You will also notice an increase in the quality of your eggs and poultry. In fact, I have noticed an increase in the number of eggs produced and a decrease in the number lost to vermin. The eggs and meat taste much better, and are much healthier on account of being almost “free-ranged.”
The birds forage on insects and plants, causing your cost of feed to plummet. I have found that I feed birds less than half of what they eat when in an enclosed chicken coop and yard. Chicken tractors do require relocation every day or so, because the birds will strip the grass and forage they are located on within 24-26 hours.
And don’t think just only chickens can be raised in a chicken tractor. I have seen turkey and pheasants raised in somewhat larger tractors. These birds are already naturally tasty, and a free-ranged diet makes them even more so. In fact, I have always found turkeys a hardier species and easier to raise.

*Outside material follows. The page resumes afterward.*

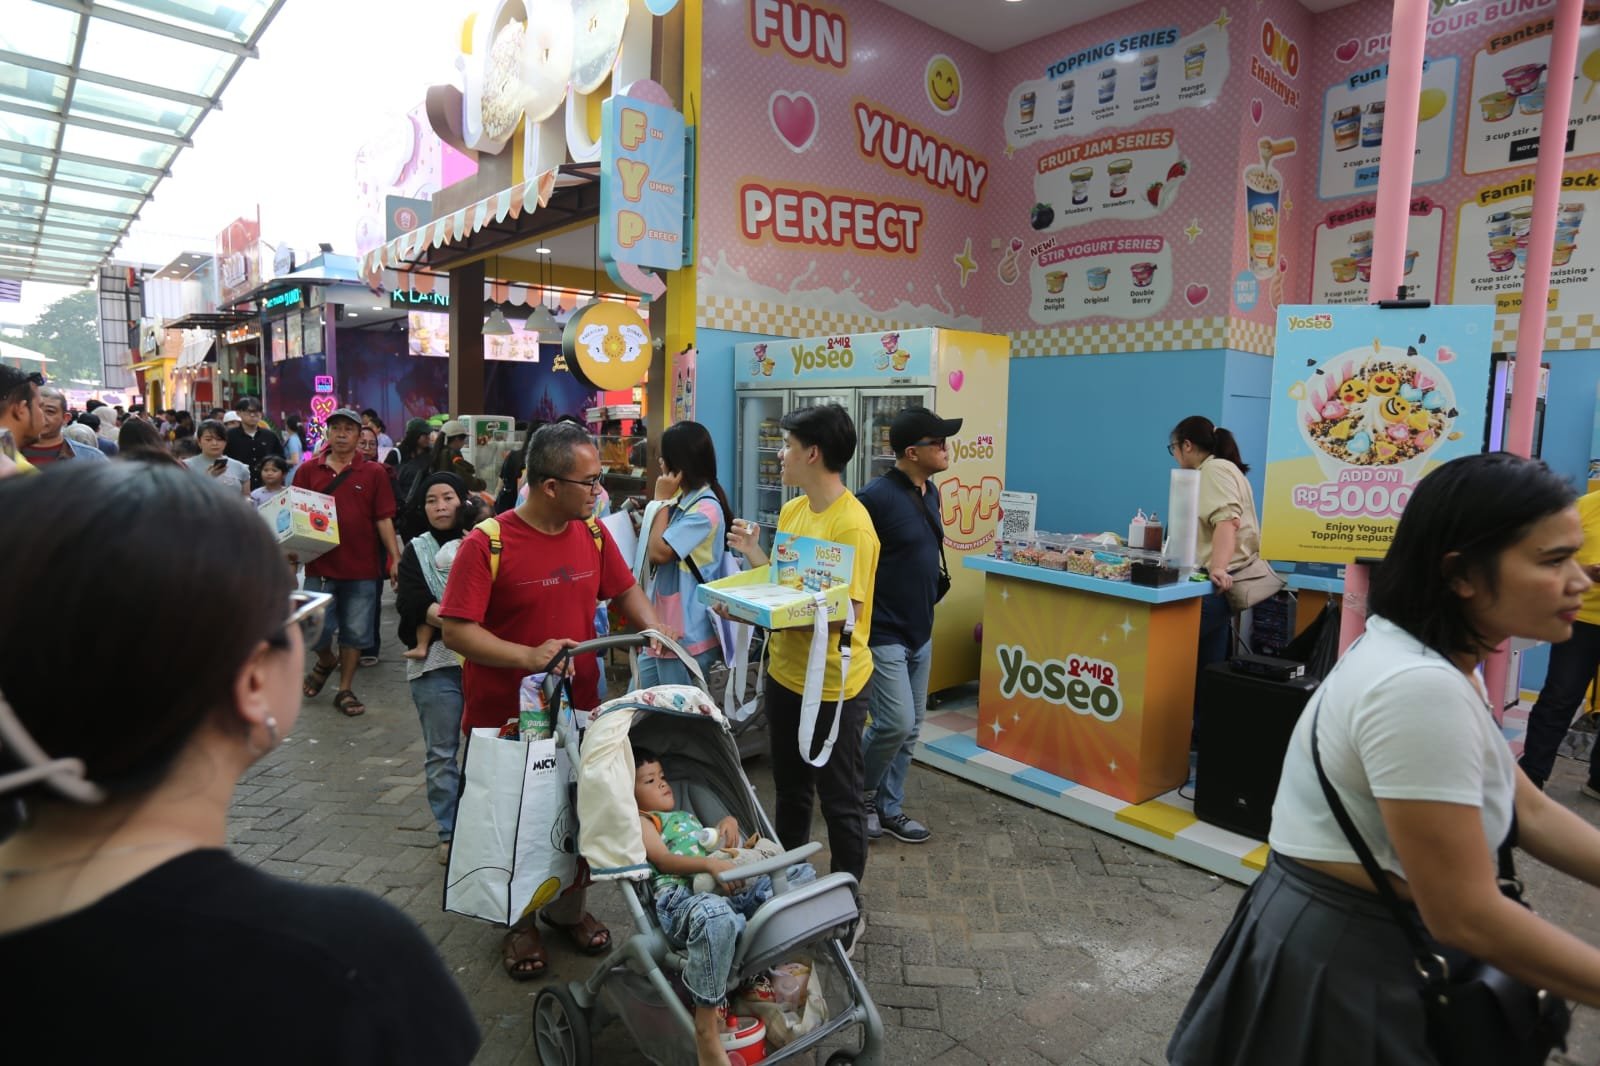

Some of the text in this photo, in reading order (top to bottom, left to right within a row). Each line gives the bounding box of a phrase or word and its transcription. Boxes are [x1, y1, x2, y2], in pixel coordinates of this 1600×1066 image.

If you, too, adopt the chicken tractor method of raising poultry, you will find increased output of eggs, higher quality poultry and healthier fields. This method is not for everyone, as you will have to move the tractors almost daily to provide adequate forage. Some folks will be limited if they only have an acre or so of land. But, for those with a couple acres or more, you will soon find such a method beneficial for conserving resources — and improving output and quantity.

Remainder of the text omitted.